Faced with the complexity and apparent disorder of Juan Ruiz’s Libro de buen amor, critics have tried hard to smooth out the structures of the Libro in a more rigidly linear fashion, notably in terms of its overall design, attempting to impose unity in a way which exemplifies what Roland Barthes calls a ‘centrist philosophy to control texts, language and power structures within society’ (Hayles 1990: 187). The Libro has sometimes been characterized as anthological in structure. In the nineteenth-century, José Amador de los Ríos emphasized this aspect in his long discussion of the diverse aspects of fourteenth-century Castilian life encompassed by the text (1861–65: IV, 155–204), underlining the amorphous nature of ‘el variado conjunto que constituye tan peregrina obra’ (160). Later critics, such as Gonzalo Sobejano (1973) echoed this opinion, but tried to impose the idea of a formal structure by stating that at close range the reader is aware of the juxtaposition of apparently disparate sections of text, yet only when the text is viewed as a whole can any coherence be seen. The proposition that perception of the text varies according to scale bears directly upon chaos theory.

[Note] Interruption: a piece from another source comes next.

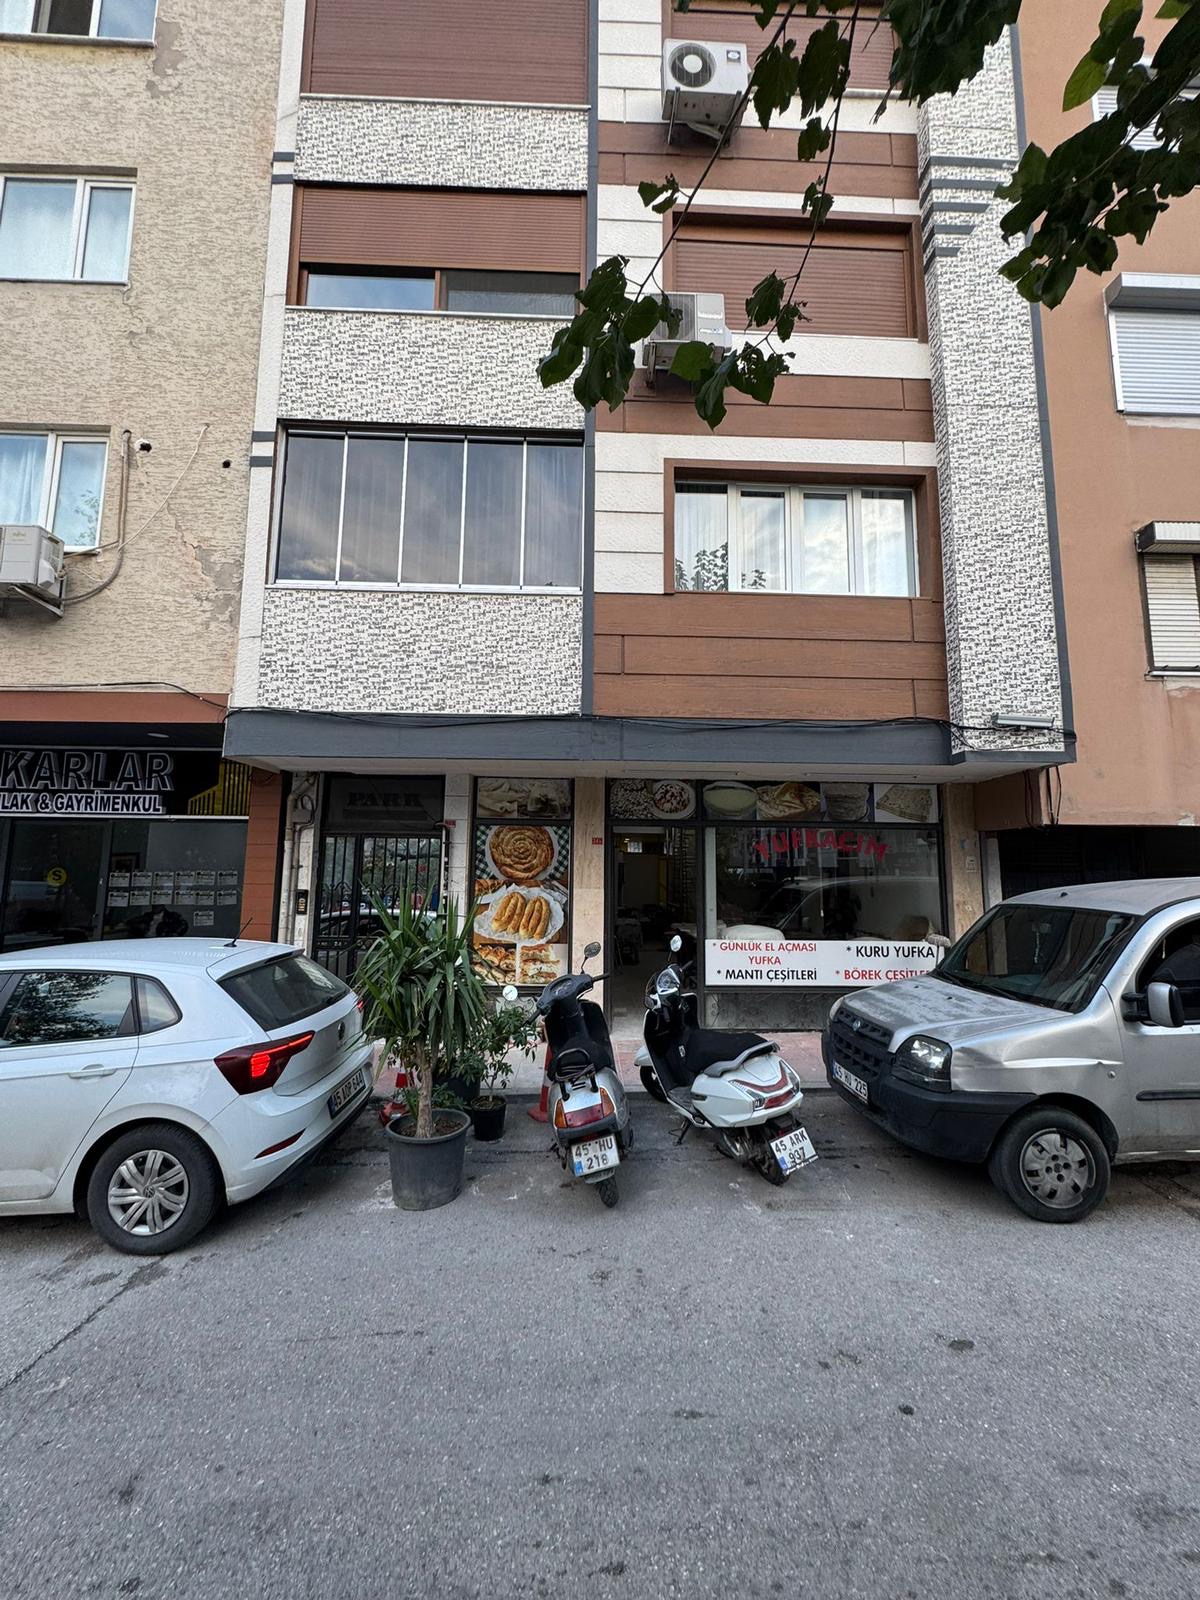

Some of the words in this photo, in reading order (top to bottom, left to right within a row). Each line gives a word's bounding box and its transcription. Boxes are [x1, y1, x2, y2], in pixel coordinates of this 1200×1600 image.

In spite of the predominantly European sources for the Libro, Américo Castro believed the work to be strongly influenced by Hispano-Arabic literature precisely because of its complex and fluid structure:
Ni en el Pamphilus ni en la Bataille de Caresme et de Charnage, ni en todo lo demás, se encuentra la forma flúida y deslizante característica del estilo del Arcipreste. Ahora bien, este modo de entrar el poeta en su realidad literaria, y de instalarse en ella, es propio de la manera árabe de estar en la vida. (1954: 406)
The form of the Libro is, in Castro’s eyes, typified by movement and change: ‘una continua e interna transición estructura el Libro’ (1954: 397).